### RECORDS FOR THIS EXERCISE:
*** Begin section ***

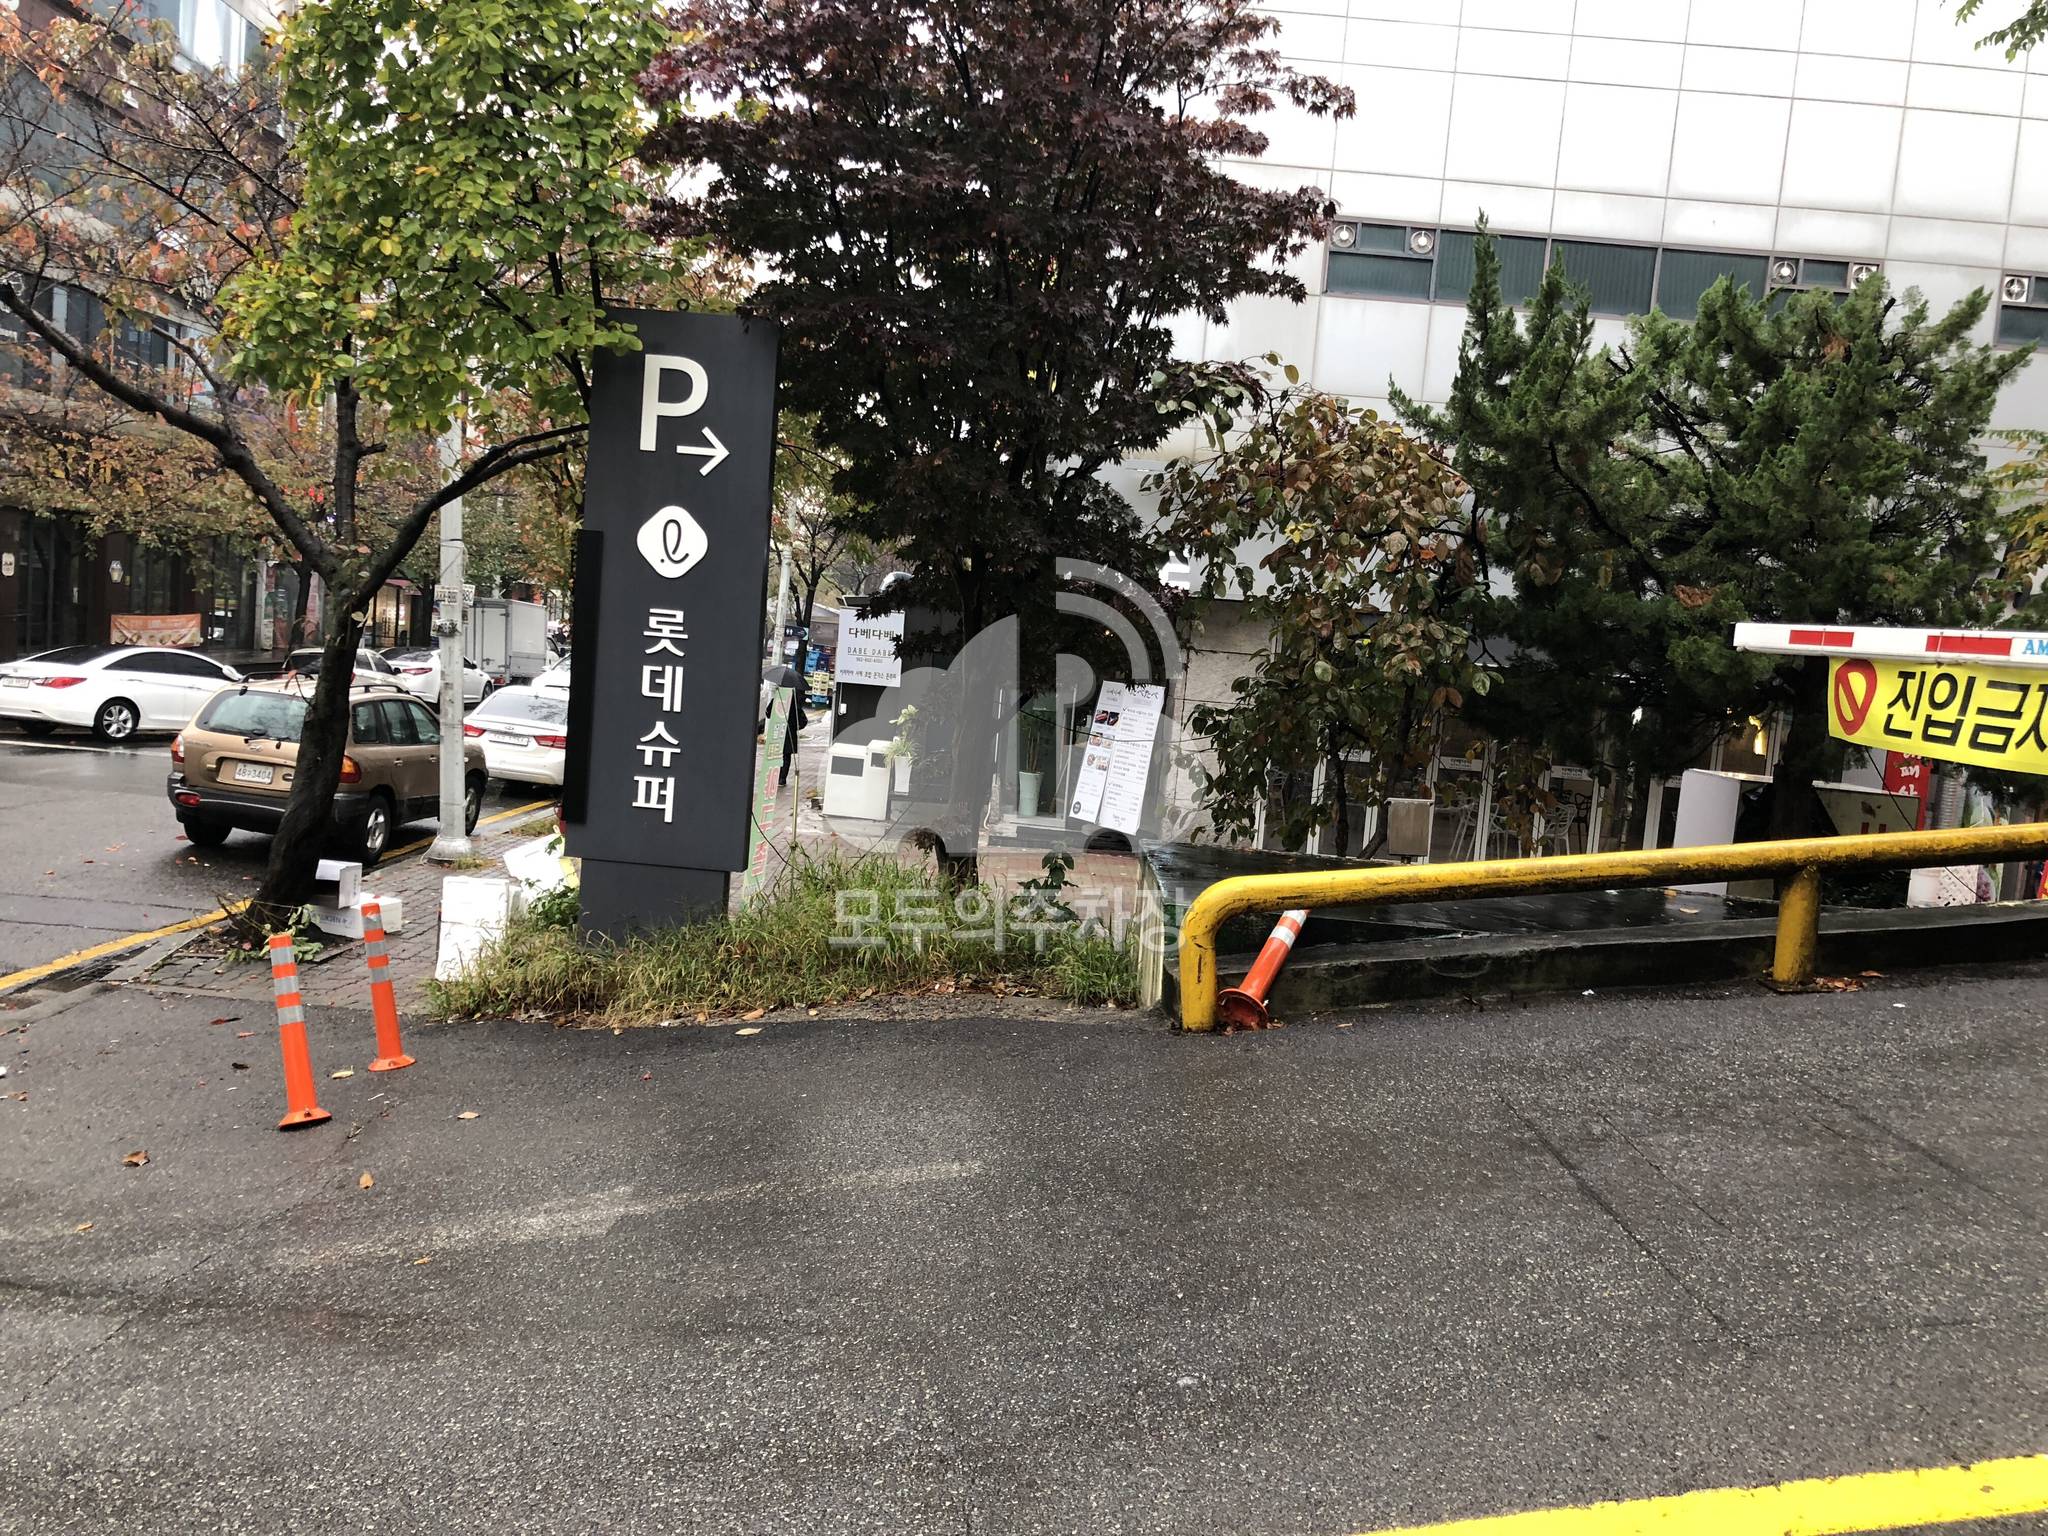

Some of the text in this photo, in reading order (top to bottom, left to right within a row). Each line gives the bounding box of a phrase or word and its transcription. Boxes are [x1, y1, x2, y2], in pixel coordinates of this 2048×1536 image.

[640, 354, 708, 451] P
[848, 627, 895, 640] 다베다베
[632, 608, 688, 823] 롯데슈퍼
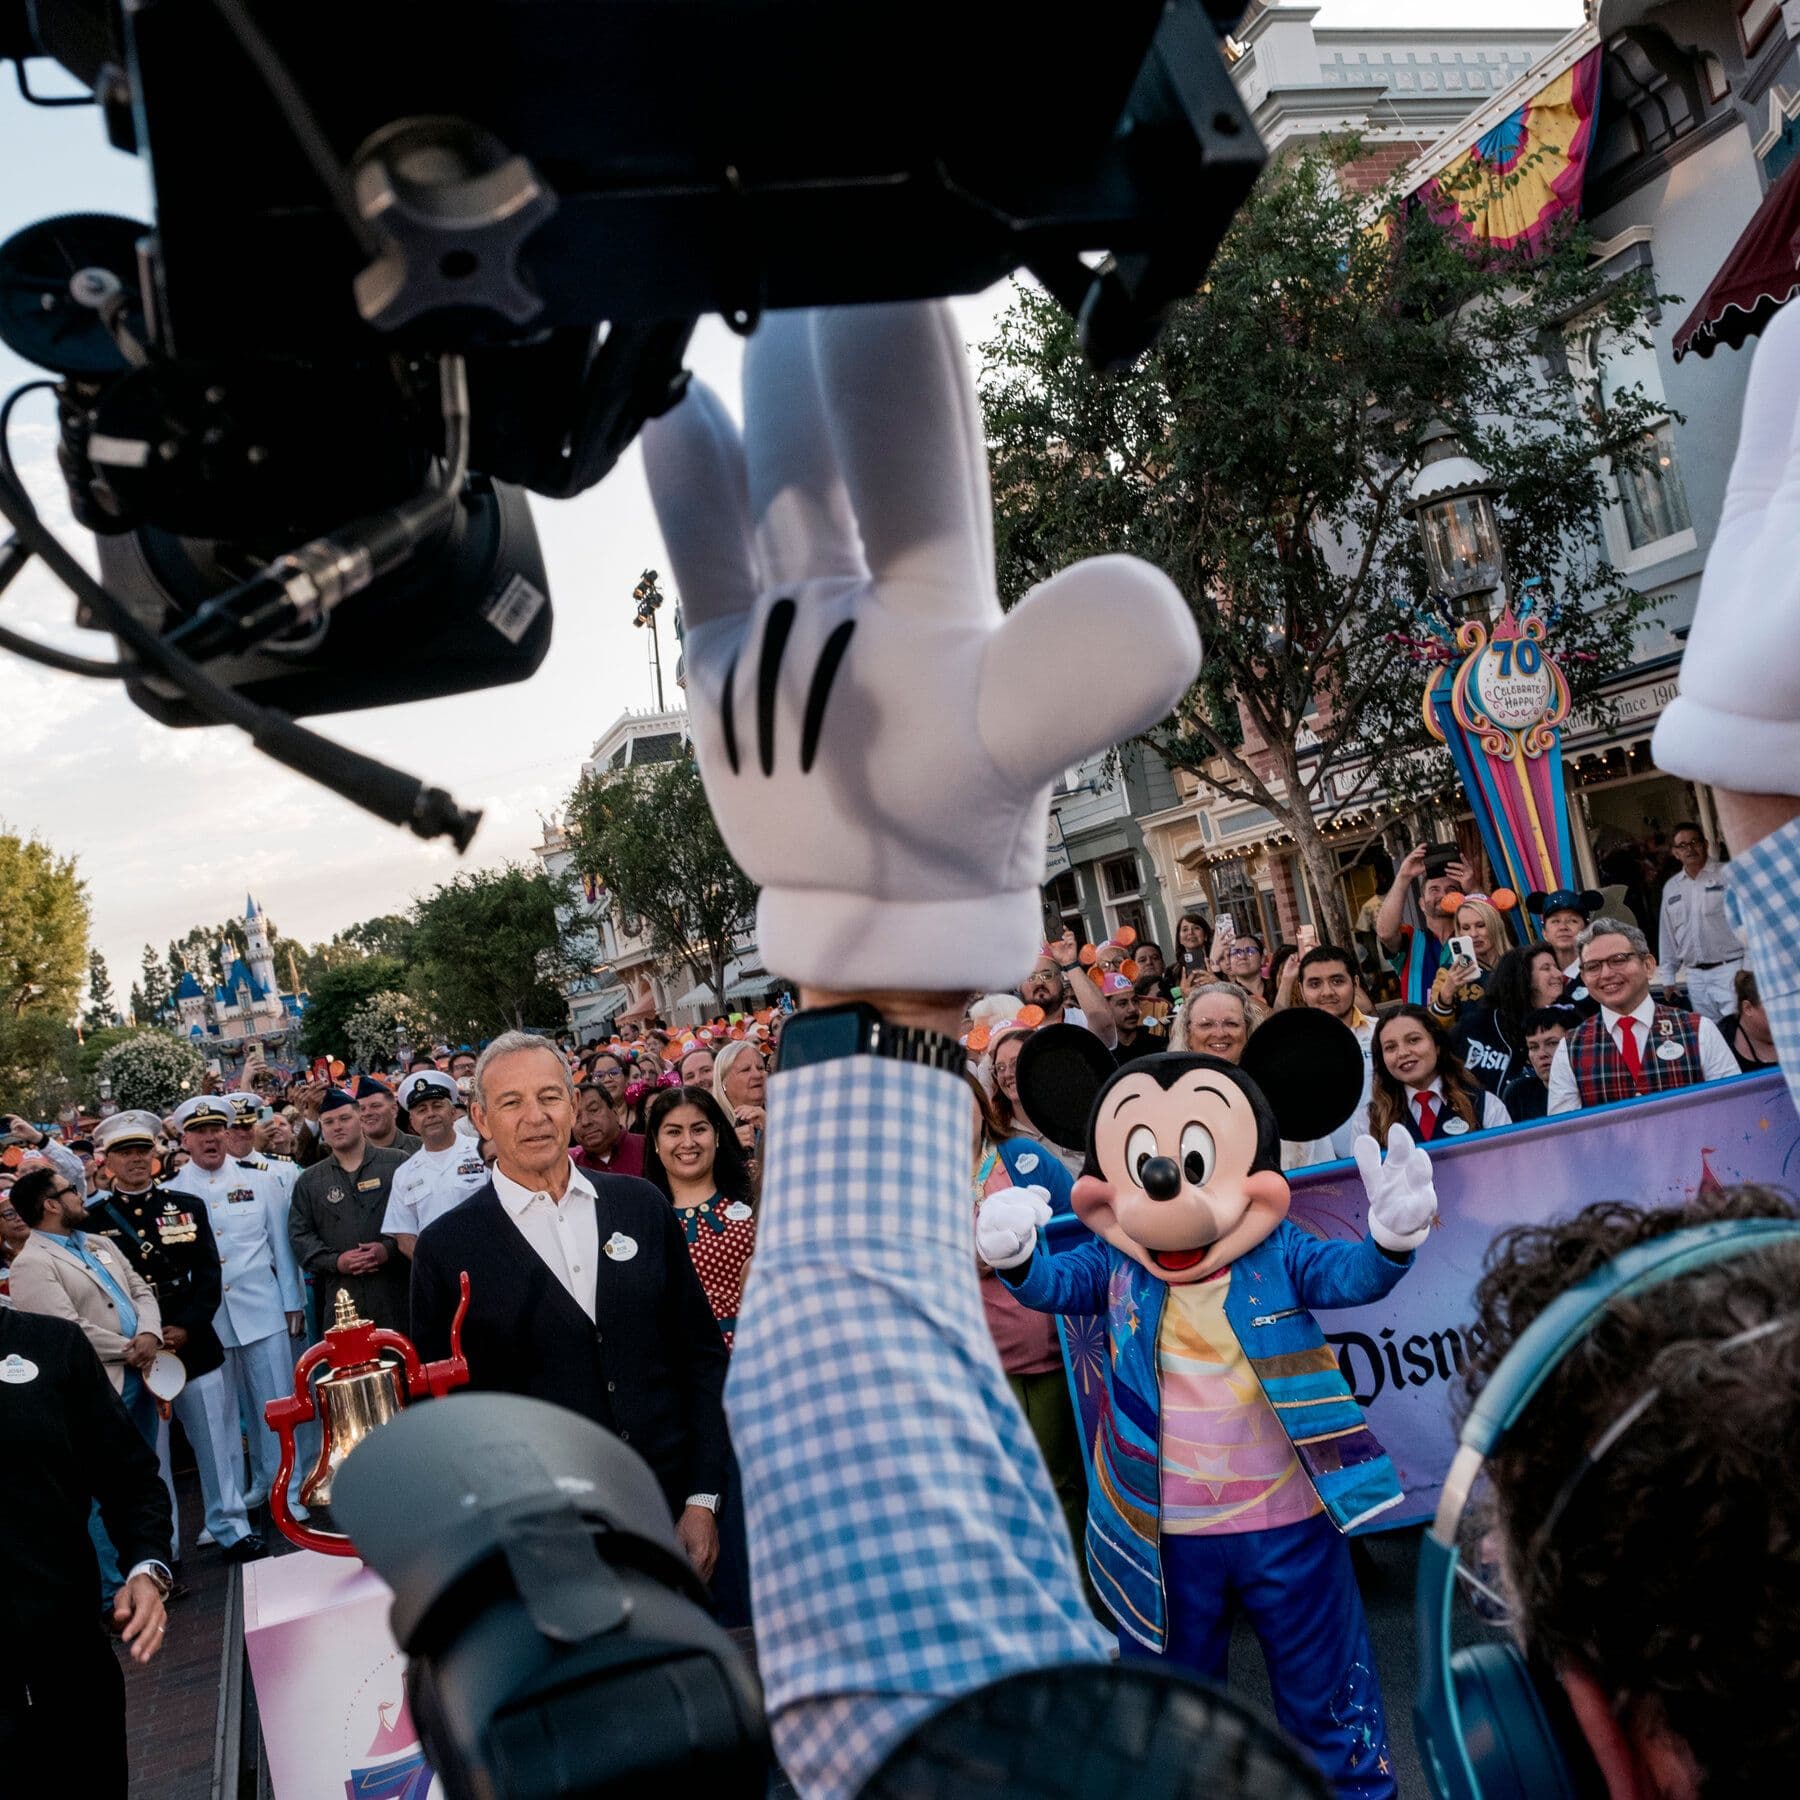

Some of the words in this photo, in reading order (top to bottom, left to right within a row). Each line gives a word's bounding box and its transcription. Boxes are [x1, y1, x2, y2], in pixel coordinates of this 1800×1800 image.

[1490, 639, 1541, 677] 70
[1611, 695, 1648, 717] Since
[1652, 682, 1682, 708] 190
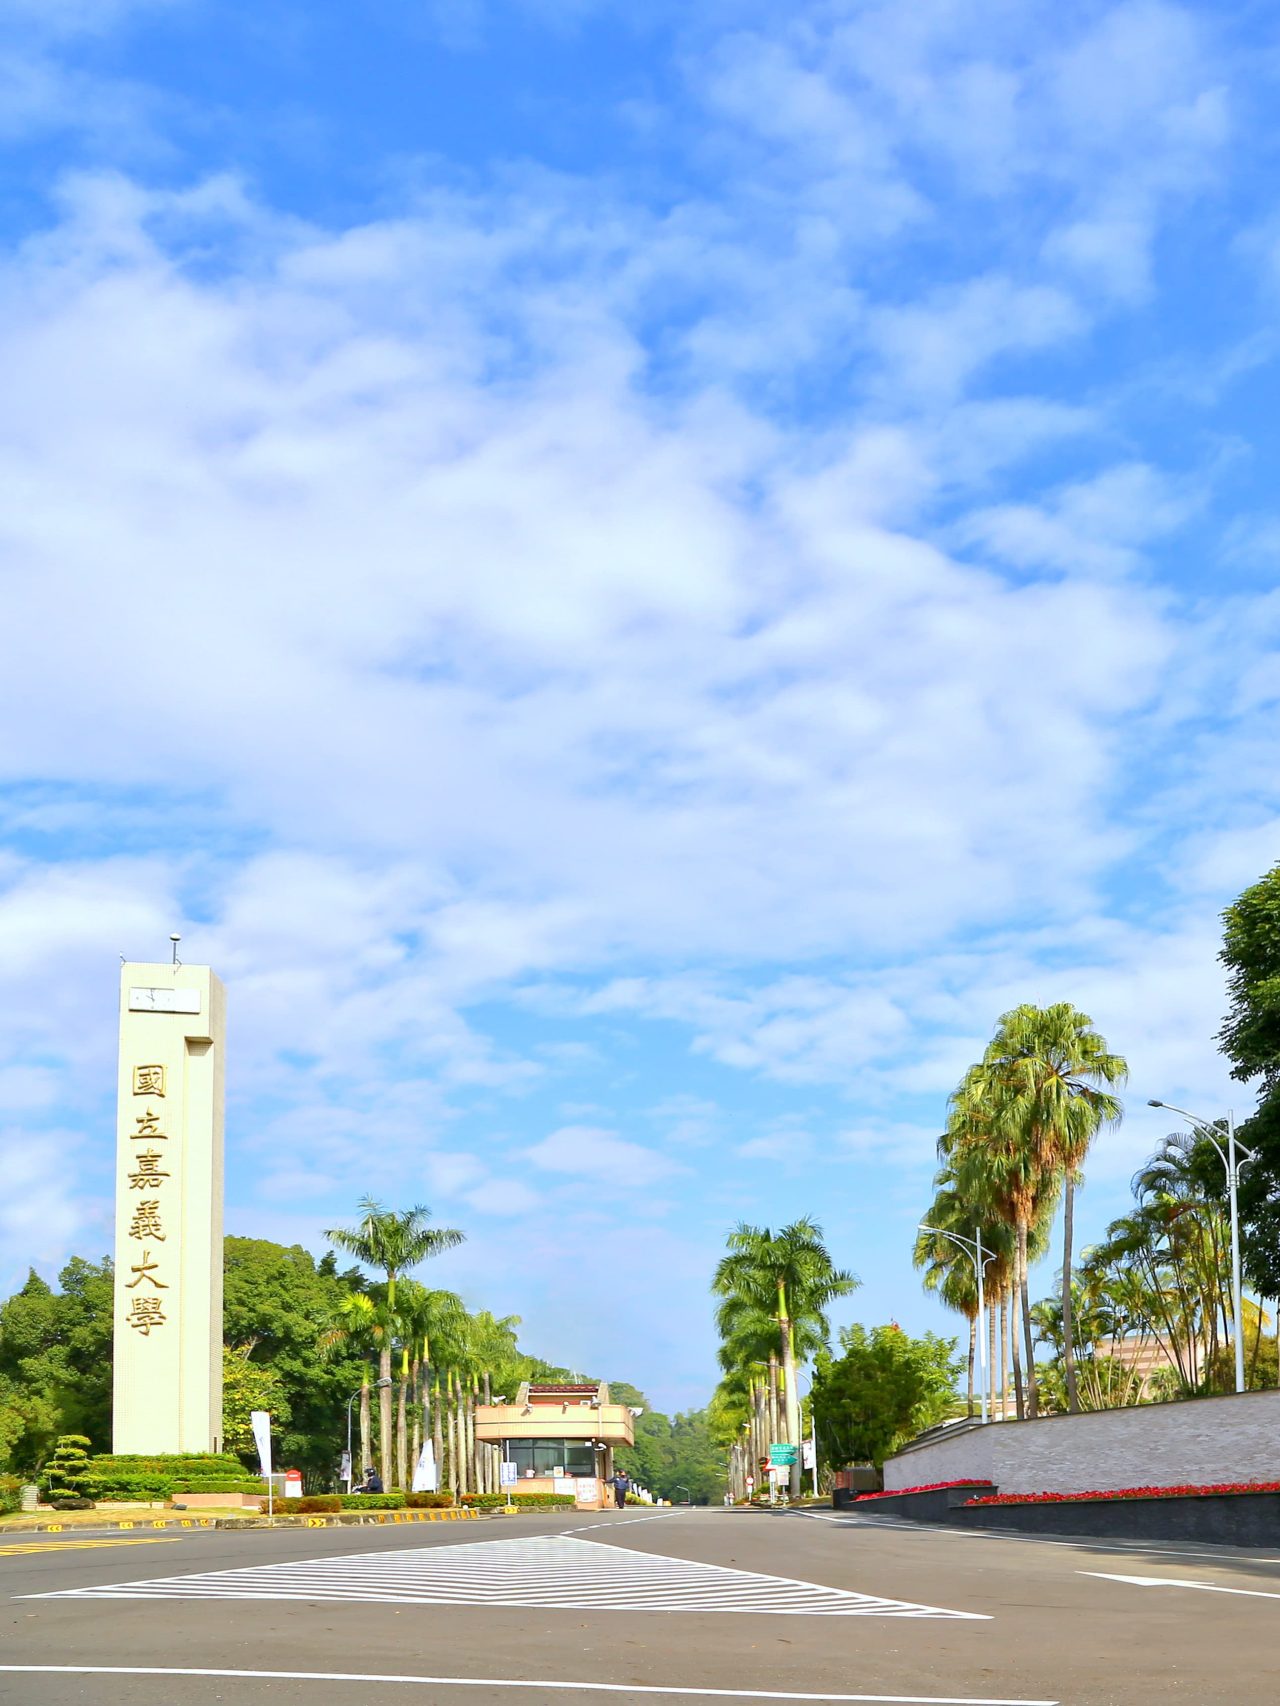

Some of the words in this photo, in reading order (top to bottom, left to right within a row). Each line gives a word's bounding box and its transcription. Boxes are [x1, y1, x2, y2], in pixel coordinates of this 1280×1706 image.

[125, 1064, 170, 1336] 國立嘉義大學

*** End section ***

### INSTRUCTIONS FOR THE TASK:
Reproduce the entire listing exactly, but omit any pictures.

### PROBLEM SOLUTION:
Some of the text in this photo, in reading order (top to bottom, left to right within a row). Each line gives the bounding box of a phrase or word and its transcription. Boxes are [x1, y1, x2, y2], in pixel coordinates of this 2048×1536 image.

[640, 354, 708, 451] P
[848, 627, 895, 640] 다베다베
[632, 608, 688, 823] 롯데슈퍼

Some of the words in this photo, in reading order (top to bottom, left to right within a row). Each line gives a word's bounding box and its transcription. Boxes are [x1, y1, x2, y2], in pixel coordinates of this 1800×1800 image.

[1490, 639, 1541, 677] 70
[1611, 695, 1648, 717] Since
[1652, 682, 1682, 708] 190

Some of the words in this photo, in reading order (top to bottom, left to right within a row). Each line gives a word's bounding box and its transcription. Boxes are [x1, y1, x2, y2], in pixel coordinates of this 1280×1706 image.

[125, 1064, 170, 1336] 國立嘉義大學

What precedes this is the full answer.